The four-person crew, which spent nearly eight months aboard the International Space Station before landing in the Gulf of Mexico on Friday at 3:29 a.m. ET, had a "safe splashdown and recovery," according to NASA.
However, the astronauts "were taken to a local medical facility for additional evaluation," NASA news chief Cheryl Warner said in a statement from the space agency shared at 8 a.m. ET.
"The crew exited the Dragon spacecraft onto a recovery ship for standard post-flight medical evaluations," Warner said. "Out of an abundance of caution, all crew members were flown to the facility together."
Warner confirmed at 9 a.m. ET that the crew was still at the medical facility, but did not provide details about the nature of the medical checks.
The four crewmates -- including NASA astronauts Matthew Dominick, Michael Barratt, and Jeanette Epps and Alexander Grebenkin of Russia's space agency, Roscosmos -- make up the staff of Crew-8, a routine mission to the International Space Station that was carried out by SpaceX on behalf of NASA.
All four astronauts had been seen smiling and waving as they exited their Crew Dragon capsule and boarded a recovery ship during a livestream of their splashdown overnight.
Officials at NASA also did not offer any indication of medical issues during a 5 a.m. ET news briefing.

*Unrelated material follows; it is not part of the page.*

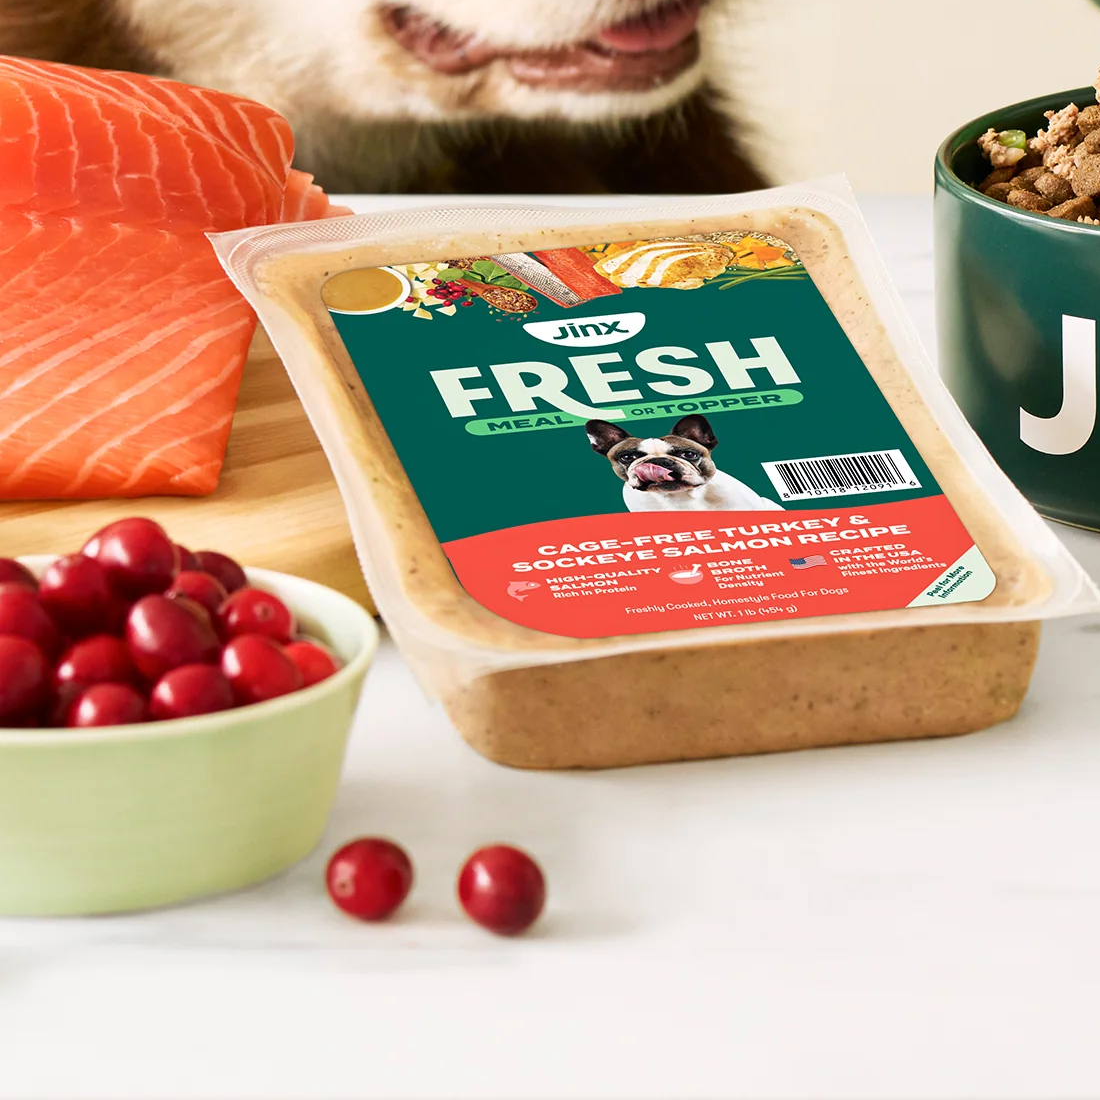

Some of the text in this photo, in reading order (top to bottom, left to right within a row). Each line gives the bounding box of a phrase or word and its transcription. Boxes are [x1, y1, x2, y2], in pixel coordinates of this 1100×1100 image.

"Right now the crew is doing great. They are going to spend a little bit of time on the recovery vessel going through their their medical checks," said Richard Jones, NASA's deputy manager of the Commercial Crew Program, at the time.
Crew-8's return
Extensive medical checkouts are routine after long-duration missions to space. And Crew-8's stay was a bit longer than most astronauts traveling to the ISS.
Routinely trips typically last roughly five to seven months.
"(Crew-8 was) the longest duration in space for a US crewed vehicle at 235 days," Jones said.
The Crew-8 team, which launched into space on March 4, faced repeated delays in their return home for a variety of reasons. Among the roadblocks were schedule changes related to issues with the Boeing Starliner spacecraft, which had carried two NASA astronauts to the space station on a test flight in June but was deemed too risky to return its crew back to Earth.
NASA ultimately chose to return the Boeing spacecraft home empty and moved Starliner's astronauts onto the SpaceX Crew-9 mission, delaying that mission's launch and thus Crew-8's return.
Additional weather delays also pushed the Crew-8 astronauts' return into late October.